In Ontario, in education, it still pays to be Catholic. This situation has the explicit and public support of the ONDP brass, although most of the party membership, I'd wager, do not share their views.
The following letter was submitted to the Niagara Falls Review in response to the article Mother loses fight for kids' school bus, printed September 17, 2009.
Printed September 25, 2009:
LETTERS TO THE EDITOR
Little sympathy for family with busing problems
I CANNOT BRING MYSELF to have much sympathy for Tammy Mott. As a member of Ontario's pre-eminent faith under law, she is guaranteed a choice of publicly funded schools wherever she chooses to live in this province and ultimately, that choice provided her with busing for her children. Non-Catholics are often not so lucky.
Like Ms. Mott, I live within walking distance of a school, albeit a public one, not Catholic. That school was so overcrowded during my childrens' kindergarten years the school board bused kindergarten-aged kids 90 minutes a day to a community far away for the 2 1 /2 hour school day.
I found that unacceptable and tried to enrol my children in the local Catholic school, where I was turned down cold on account of the non-Catholic "colour" of my faith.
I ended up paying a private school nearly $20,000 a year for two years to escape an overcrowding situation that my Catholic neighbours could escape for free by going to the Catholic school that had rejected my children.
After reaching grade school age, my children walked the 1.5 kilometres from their babysitter's house to their school for six years.
She lived just within the 1.6-km busing limit for grades 1 to 6 in the Ottawa public school board. Again, I could not have switched to the Catholic school, where my children would have been bused, even if I had wanted to.
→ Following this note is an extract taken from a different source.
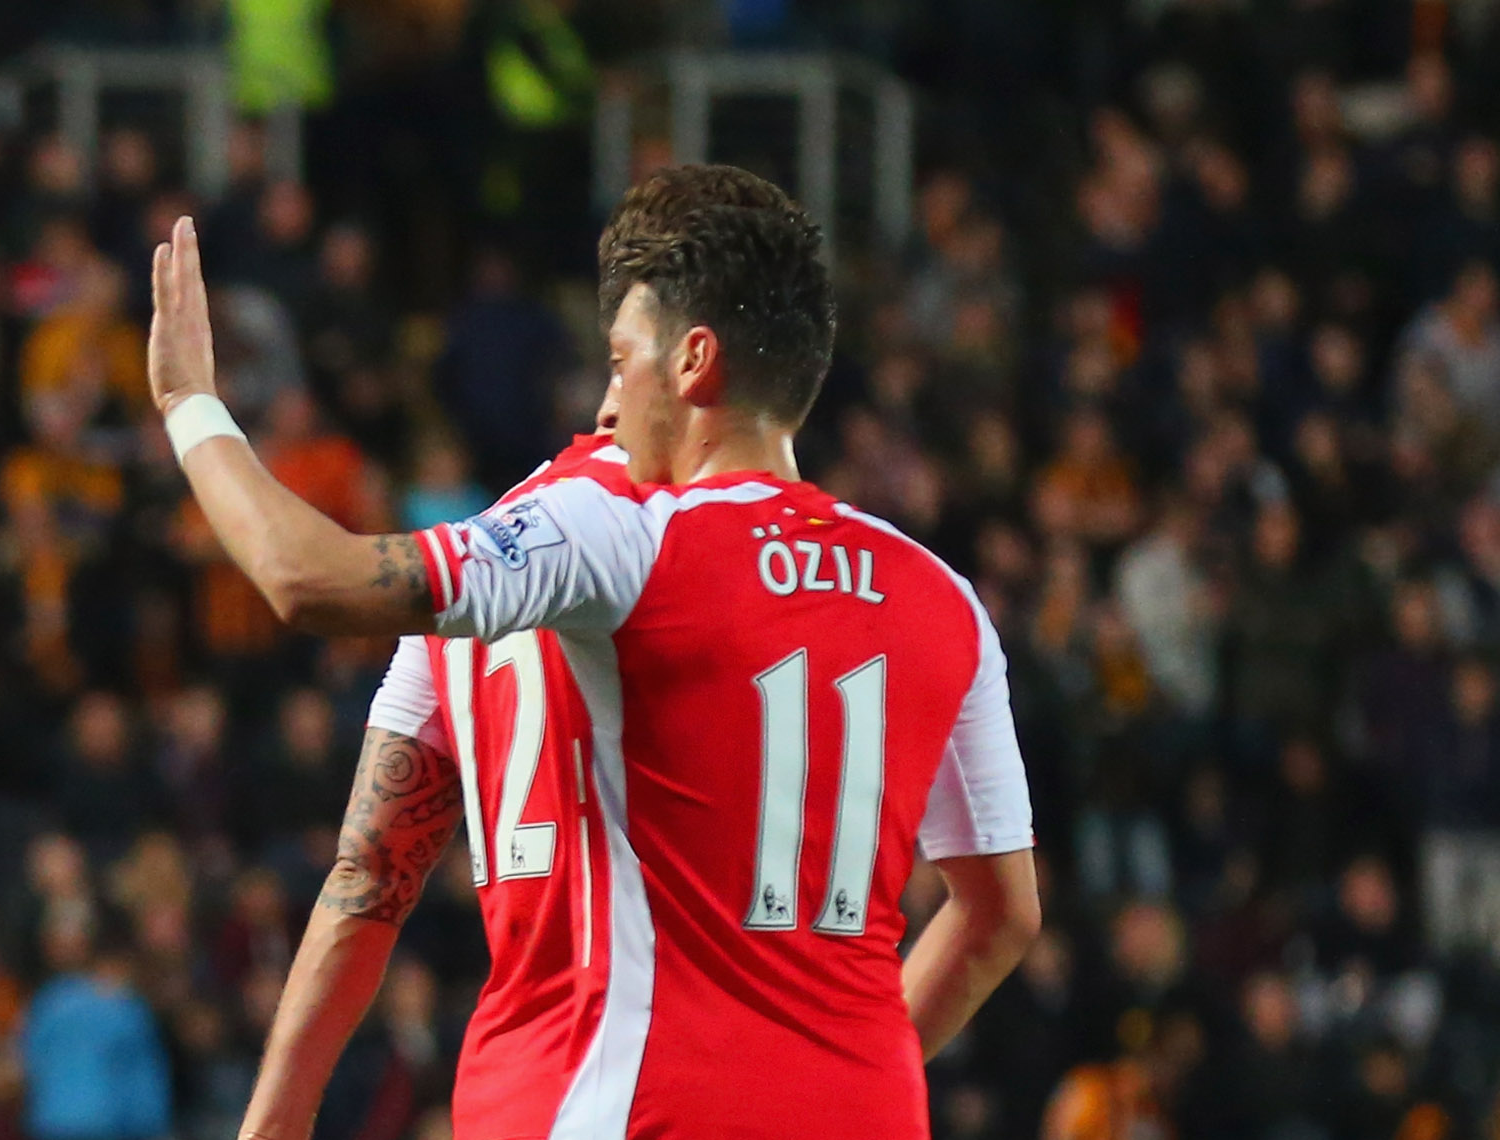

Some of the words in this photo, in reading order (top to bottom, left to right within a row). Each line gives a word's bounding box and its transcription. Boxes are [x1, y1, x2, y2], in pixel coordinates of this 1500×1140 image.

[752, 523, 886, 603] ÖZIL
[444, 628, 556, 887] 12
[743, 646, 886, 937] 11
In Ottawa, parents of public high school students living in the urban transit area must pay $626 per child per year for bus passes while the Catholic board furnishes those same passes to their high school students for free.
Ms. Mott should count her blessings. In Ontario, it still pays to be Catholic. One day, hopefully in my children's lifetimes, the rest of us will enjoy equal respect and consideration from a religiously neutral provincial government.